### TASK TO CARRY OUT
Everything in the data below except the pictures must be repeated word for word.
----
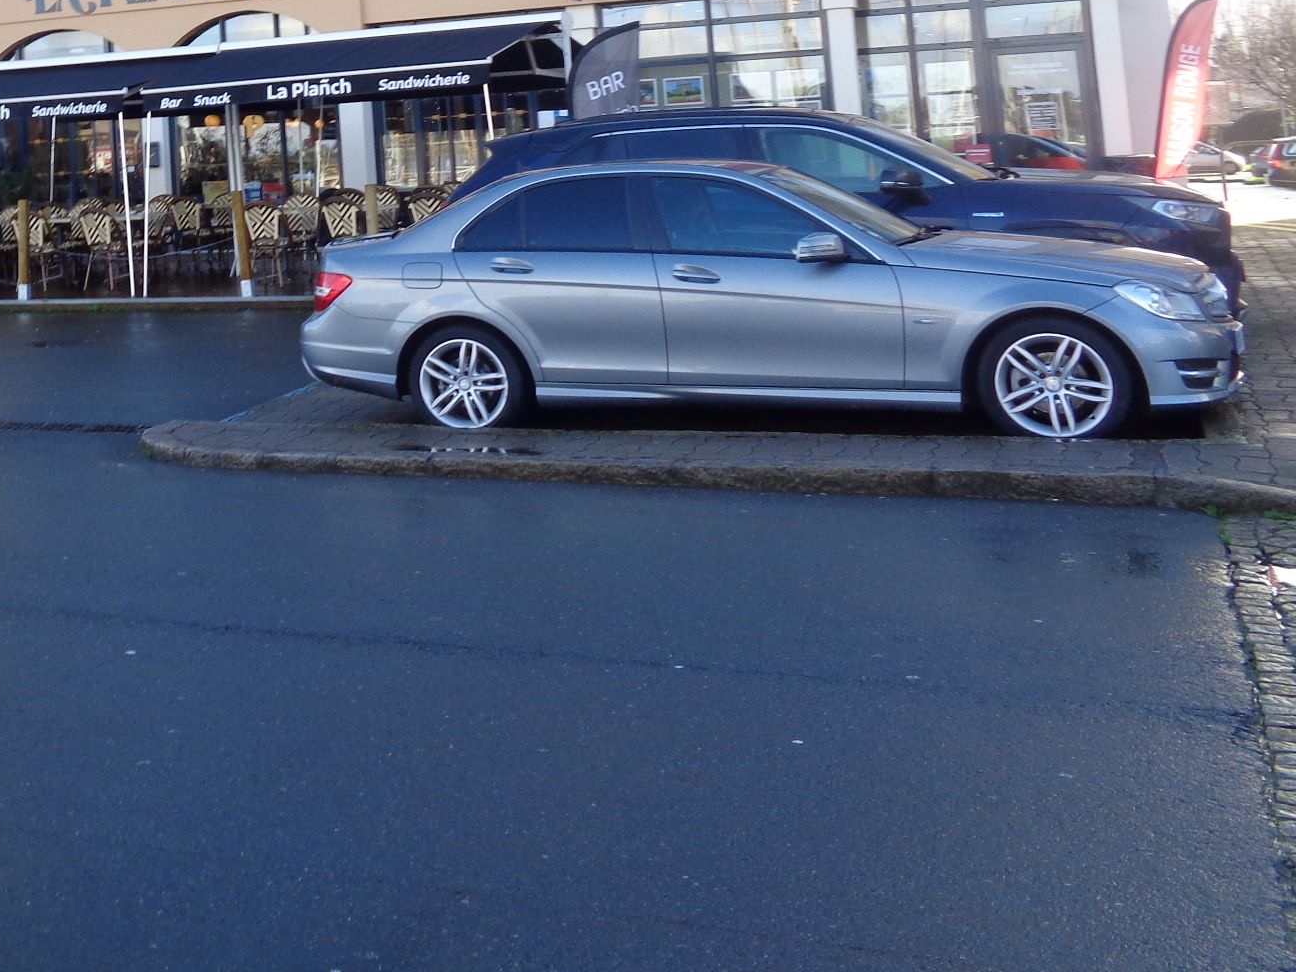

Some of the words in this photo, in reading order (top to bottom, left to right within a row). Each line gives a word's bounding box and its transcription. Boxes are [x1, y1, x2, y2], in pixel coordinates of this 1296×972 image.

[160, 95, 182, 110] Bar
[193, 91, 232, 107] Snack
[266, 84, 288, 101] La
[291, 77, 352, 99] Plañch
[377, 71, 471, 92] Sandwicherie
[585, 71, 626, 101] BAR
[1174, 43, 1202, 100] ROUGE
[31, 100, 108, 118] Sandwicherie
[1164, 101, 1196, 166] MAISON
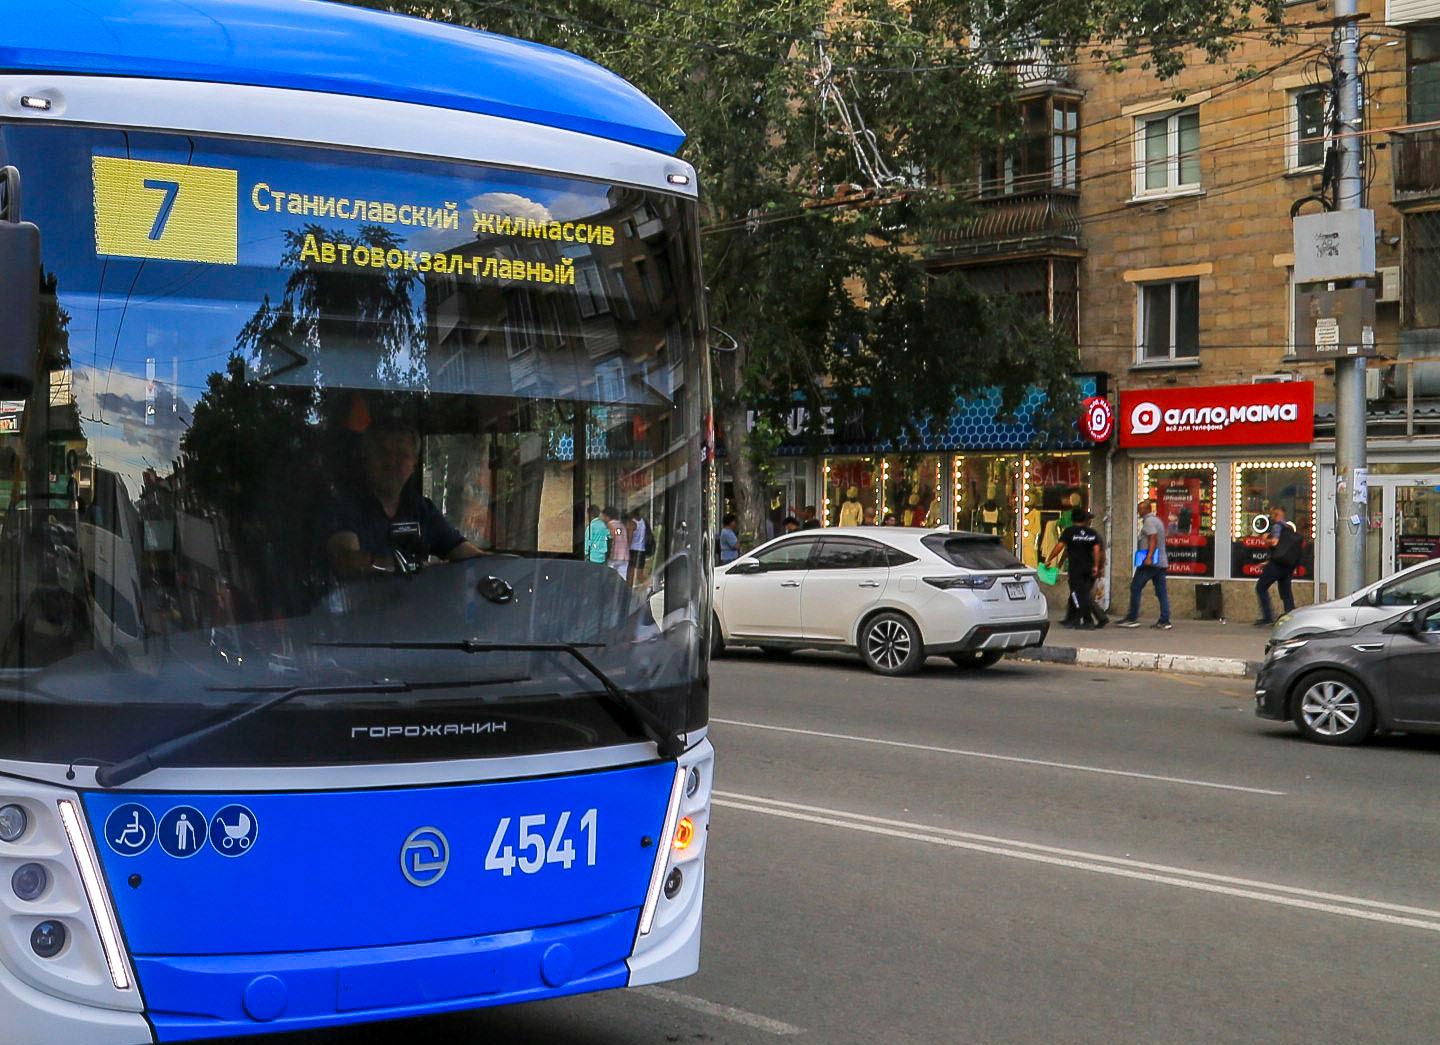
----
### SOLUTION TO THE PROBLEM
Some of the words in this photo, in reading order (top to bottom, left to right within a row). Each line gives a word's bounding box and its transcription. Boxes are [x1, y1, x2, y2], in pixel coordinates of this 1296×972 image.

[160, 95, 182, 110] Bar
[193, 91, 232, 107] Snack
[266, 84, 288, 101] La
[291, 77, 352, 99] Plañch
[377, 71, 471, 92] Sandwicherie
[585, 71, 626, 101] BAR
[1174, 43, 1202, 100] ROUGE
[31, 100, 108, 118] Sandwicherie
[1164, 101, 1196, 166] MAISON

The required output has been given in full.